Ablation of the oncogenic transcription factor ERG by deubiquitinase inhibition in prostate cancer
Menée sur des lignées cellulaires et à l'aide de xénogreffes, cette étude met en évidence des mécanismes par lesquels, en inhibant l'expression de l'enzyme USP9X et en favorisant la dégradation de la protéine ERG, un composé appelé WP1130 exerce une activité antitumorale dans les tumeurs de la prostate surexprimant ERG
Résumé en anglais
The transcription factor E-twenty-six related gene (ERG), which is overexpressed through gene fusion with the androgen-responsive gene transmembrane protease, serine 2 (TMPRSS2) in ∼40% of prostate tumors, is a key driver of prostate carcinogenesis. Ablation of ERG would disrupt a key oncogenic transcriptional circuit and could be a promising therapeutic strategy for prostate cancer treatment. Here, we show that ubiquitin-specific peptidase 9, X-linked (USP9X), a deubiquitinase enzyme, binds ERG in VCaP prostate cancer cells expressing TMPRSS2-ERG and deubiquitinates ERG in vitro.
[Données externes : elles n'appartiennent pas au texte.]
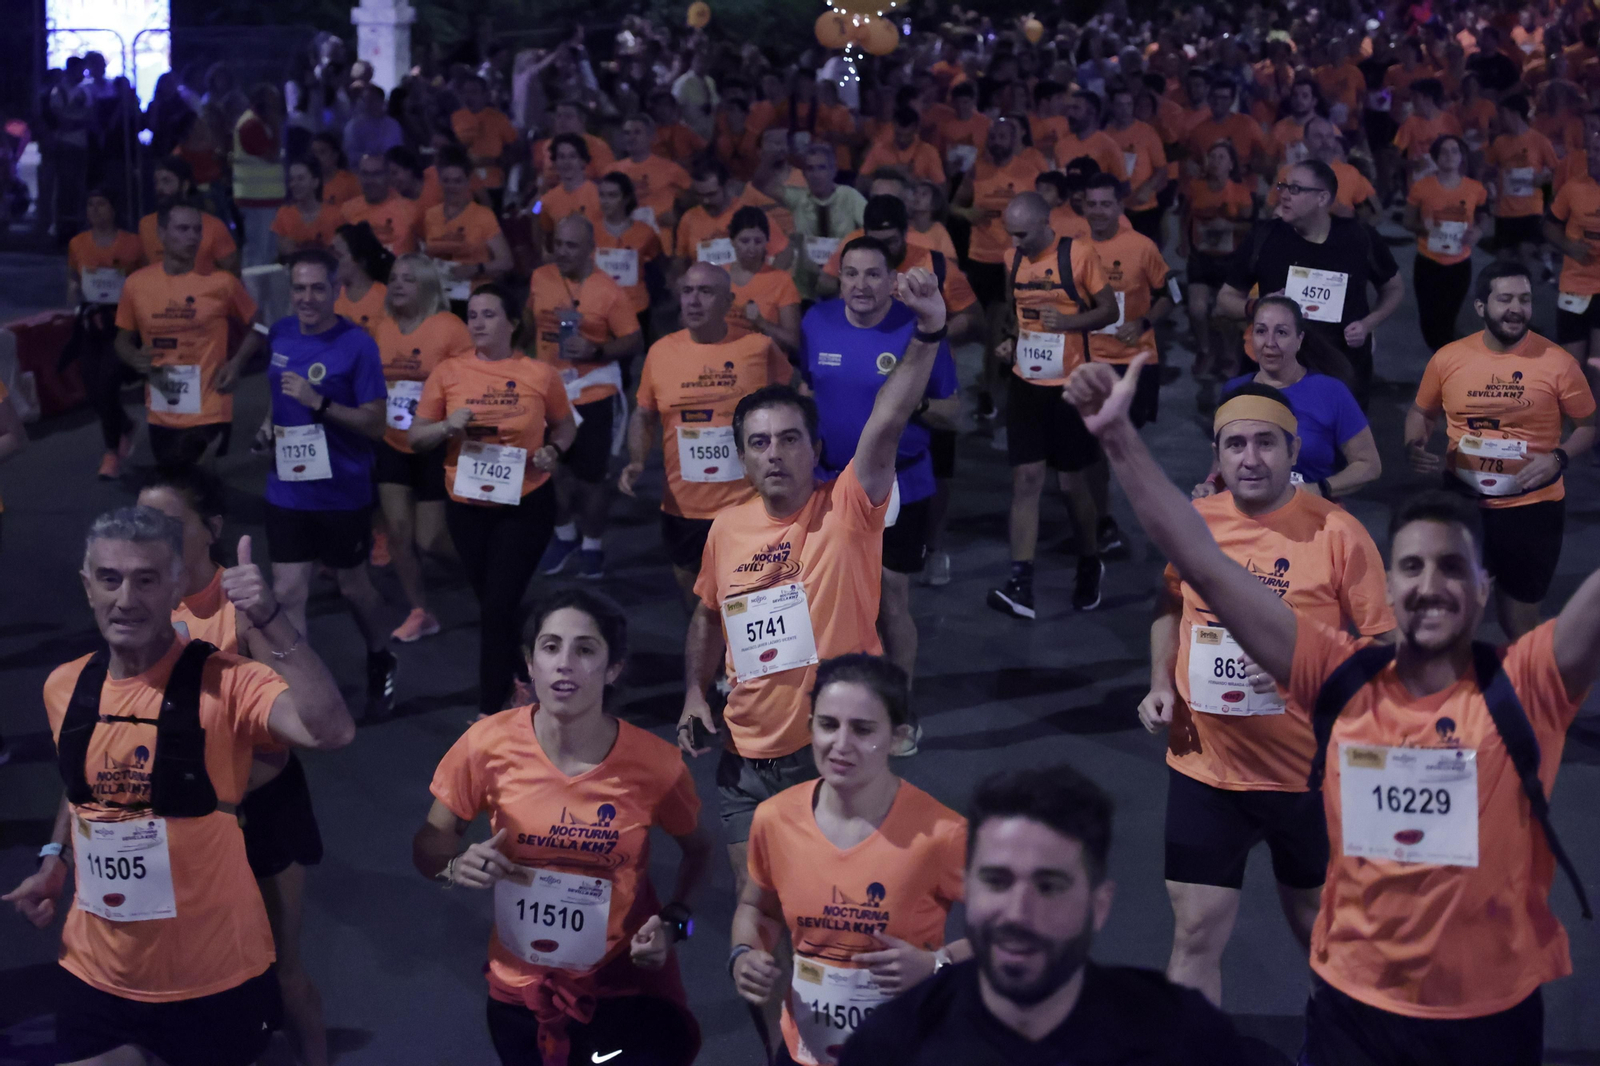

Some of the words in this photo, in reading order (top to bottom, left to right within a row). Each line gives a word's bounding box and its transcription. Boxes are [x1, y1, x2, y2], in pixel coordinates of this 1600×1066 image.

USP9X knockdown resulted in increased levels of ubiquitinated ERG and was coupled with depletion of ERG. Treatment with the USP9X inhibitor WP1130 resulted in ERG degradation both in vivo and in vitro, impaired the expression of genes enriched in ERG and prostate cancer relevant gene signatures in microarray analyses, and inhibited growth of ERG-positive tumors in three mouse xenograft models. Thus, we identified USP9X as a potential therapeutic target in prostate cancer cells and established WP1130 as a lead compound for the development of ERG-depleting drugs.